(Dataset entries)
++++
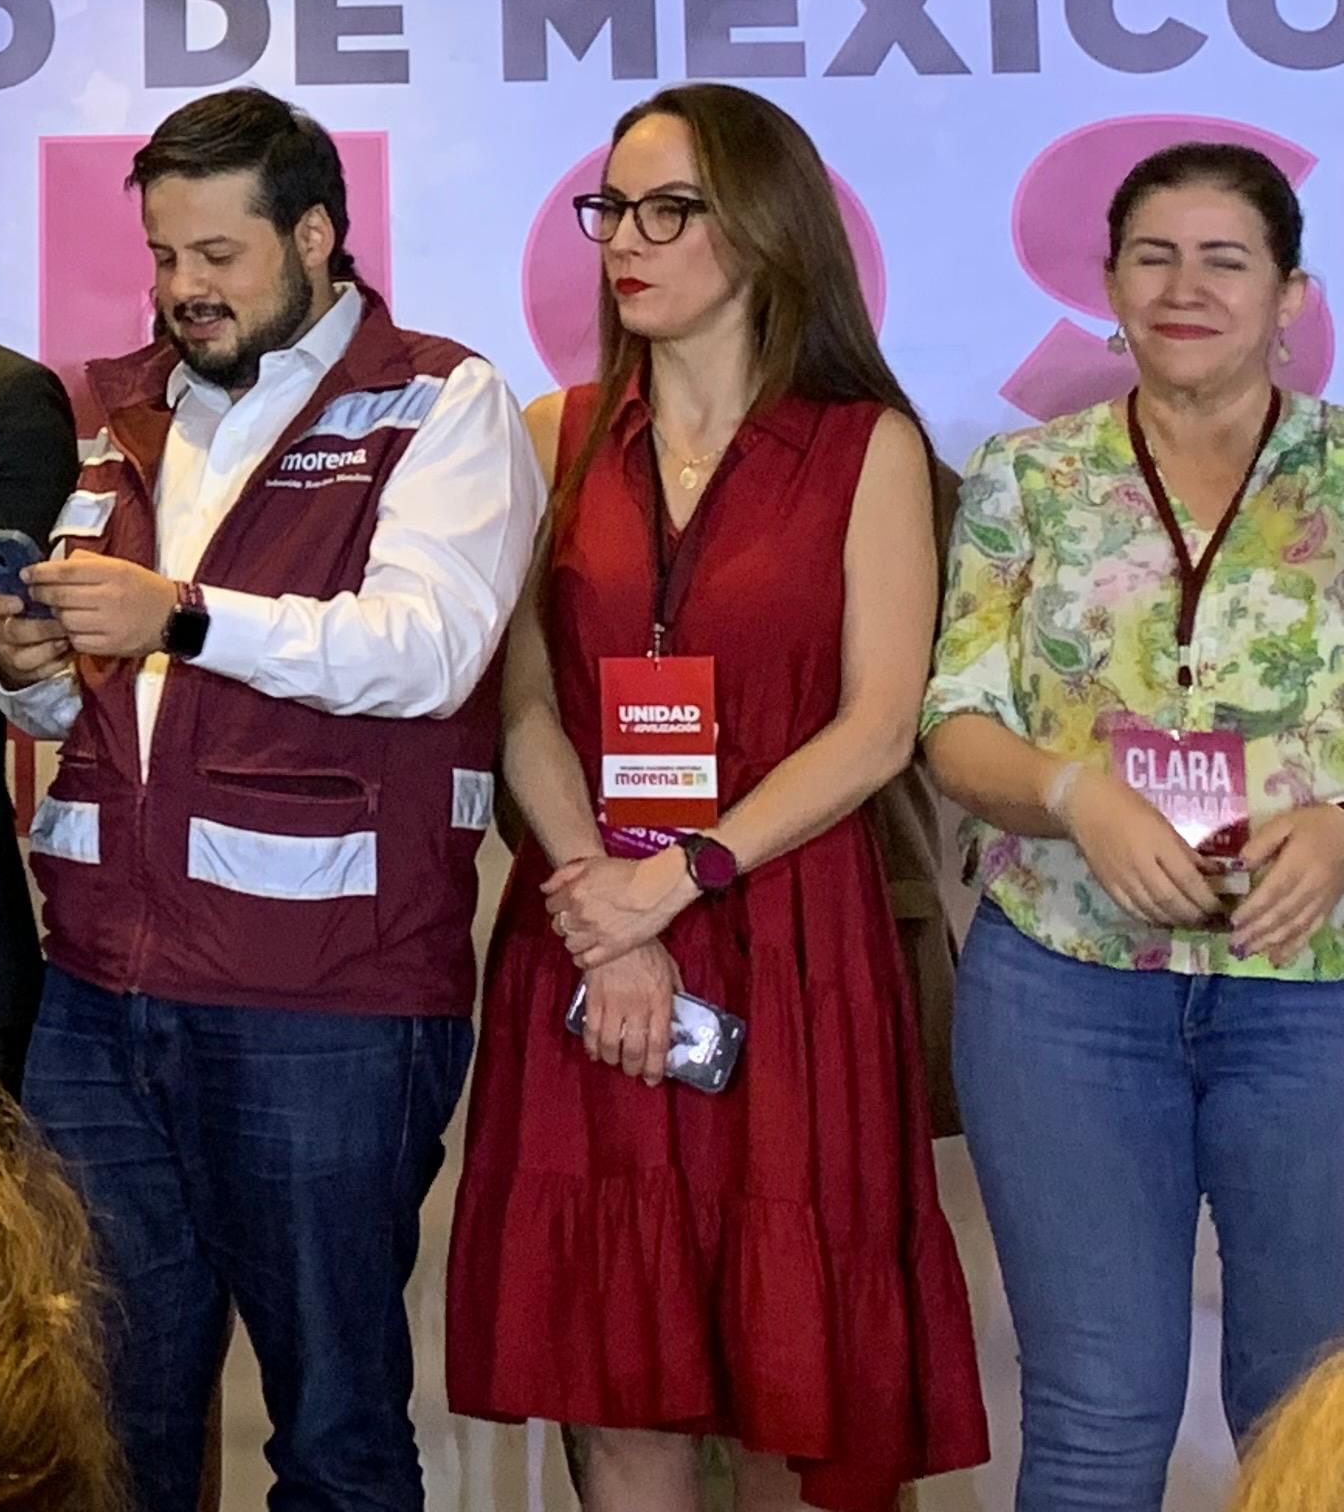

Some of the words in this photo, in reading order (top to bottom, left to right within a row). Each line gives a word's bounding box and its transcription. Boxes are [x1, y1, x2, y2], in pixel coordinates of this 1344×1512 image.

[280, 448, 367, 471] morena
[618, 705, 701, 723] UNIDAD
[615, 773, 678, 785] morena
[1126, 747, 1233, 793] CLARA
++++
- [Assignment] Print every entry exactly. Pictures are not part of the copy.

- [Exercise output]
Some of the words in this photo, in reading order (top to bottom, left to right within a row). Each line gives a word's bounding box and its transcription. Boxes are [x1, y1, x2, y2], in pixel coordinates of this 1344×1512 image.

[280, 448, 367, 471] morena
[618, 705, 701, 723] UNIDAD
[615, 773, 678, 785] morena
[1126, 747, 1233, 793] CLARA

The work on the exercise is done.